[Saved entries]

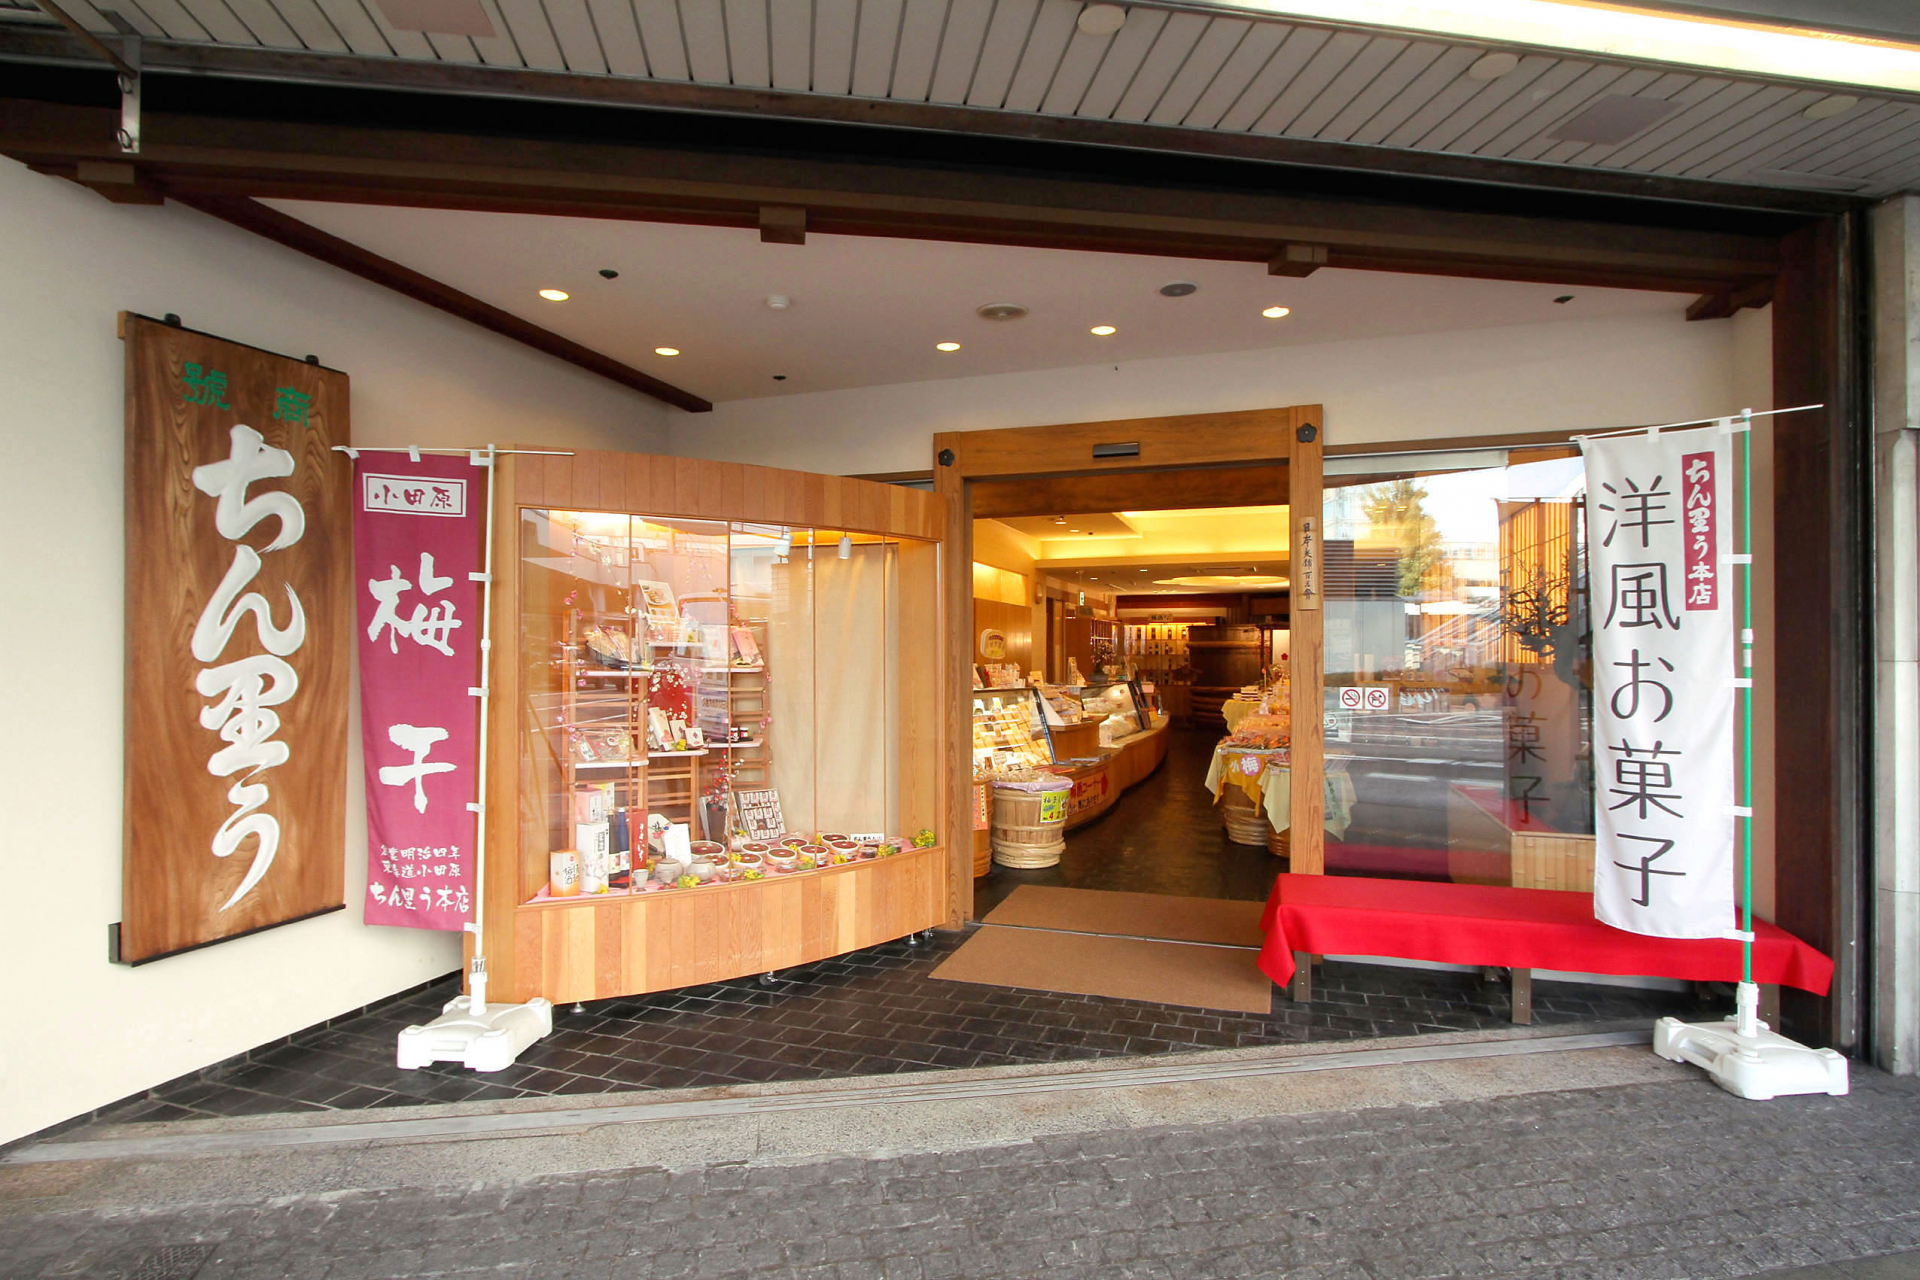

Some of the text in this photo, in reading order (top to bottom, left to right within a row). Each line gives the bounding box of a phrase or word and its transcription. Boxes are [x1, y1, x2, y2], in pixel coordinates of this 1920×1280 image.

[374, 484, 452, 509] 小田原
[1685, 459, 1715, 605] ちん里う本店
[367, 552, 462, 814] 梅干
[1599, 475, 1686, 907] 洋風お菓子
[370, 881, 470, 913] ちん里う本店
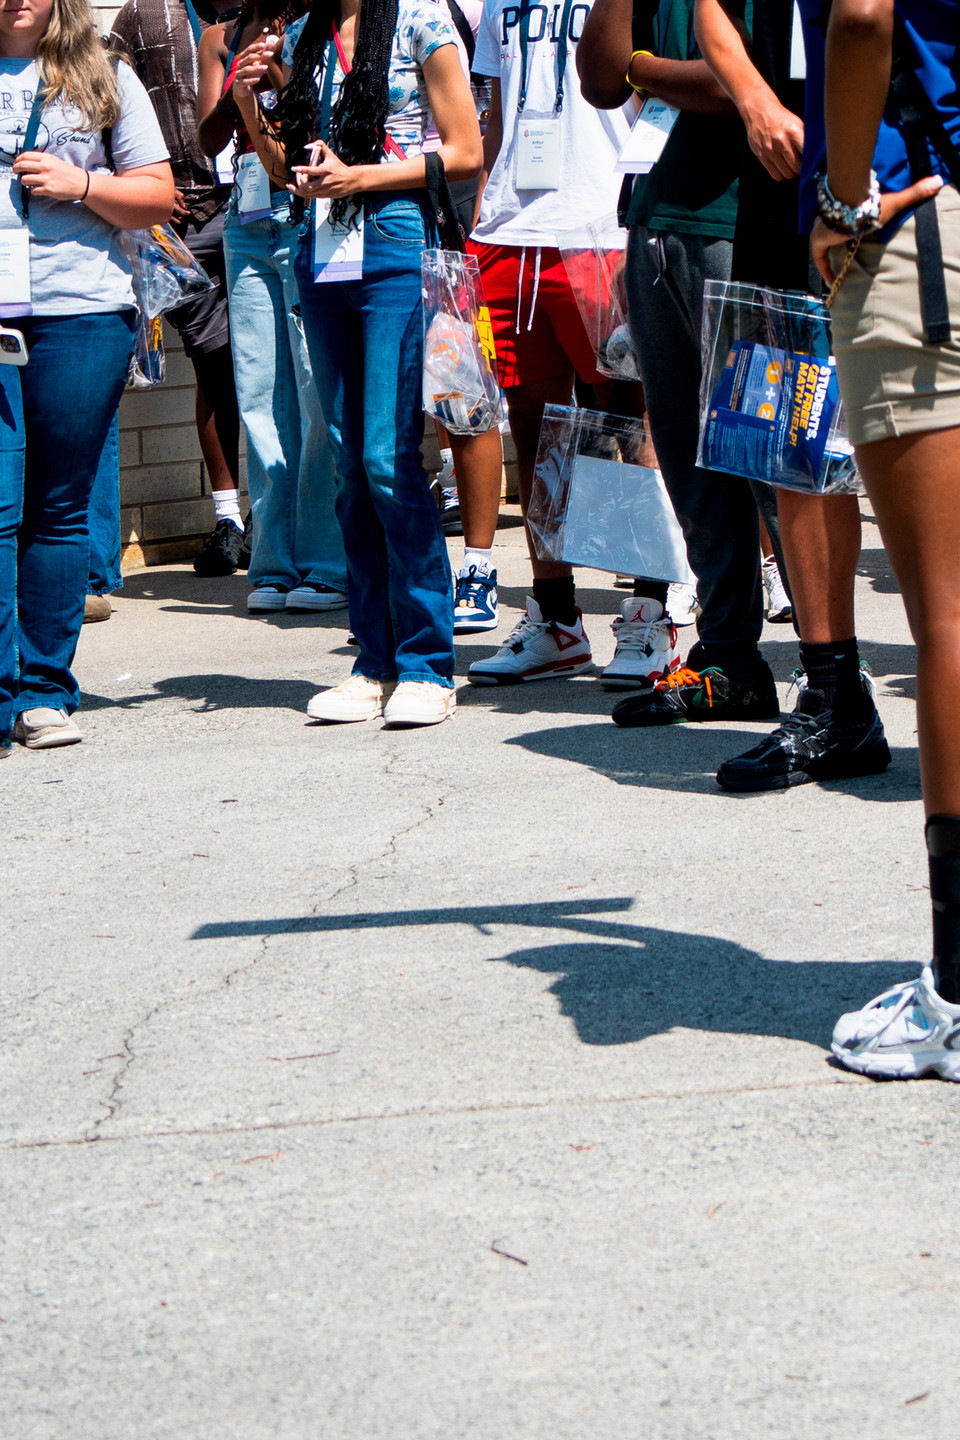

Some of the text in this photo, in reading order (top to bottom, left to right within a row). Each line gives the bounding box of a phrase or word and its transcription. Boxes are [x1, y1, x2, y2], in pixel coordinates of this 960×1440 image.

[501, 3, 591, 46] POLO
[788, 361, 809, 447] MATH HELP!
[799, 363, 820, 430] GET FREE
[805, 365, 832, 441] STUDENTS,
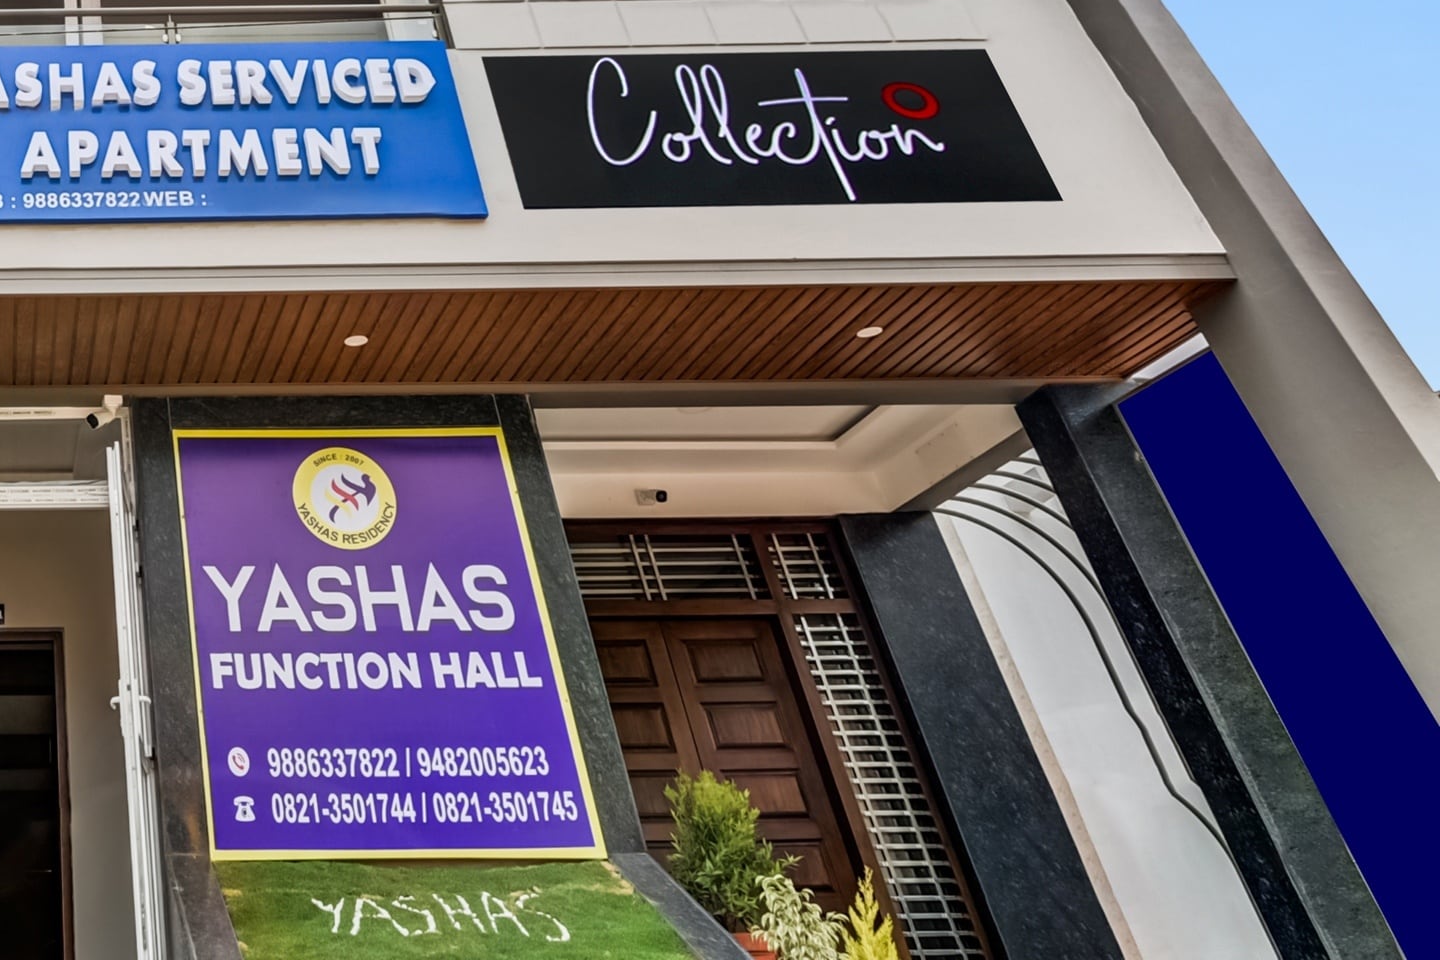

* [PROBLEM DESCRIPTION]
When you give the entries again, keep them exact and omit any picture they contain.

* [WRITTEN RESPONSE]
Some of the text in this photo, in reading order (top to bottom, left to right within a row). Each line gives the bounding box of a phrase or word and its transcription. Boxes are [x1, y1, x2, y2], in pixel coordinates of this 1920×1280 image.

[374, 484, 452, 509] 小田原
[1685, 459, 1715, 605] ちん里う本店
[367, 552, 462, 814] 梅干
[1599, 475, 1686, 907] 洋風お菓子
[370, 881, 470, 913] ちん里う本店

Some of the text in this photo, in reading order (top to bottom, left to right within a row). Each line gives the bounding box of a phrase or word and its transcription. Boxes are [x1, y1, x2, y2], in pixel coordinates of this 960×1440 image.

[501, 3, 591, 46] POLO
[788, 361, 809, 447] MATH HELP!
[799, 363, 820, 430] GET FREE
[805, 365, 832, 441] STUDENTS,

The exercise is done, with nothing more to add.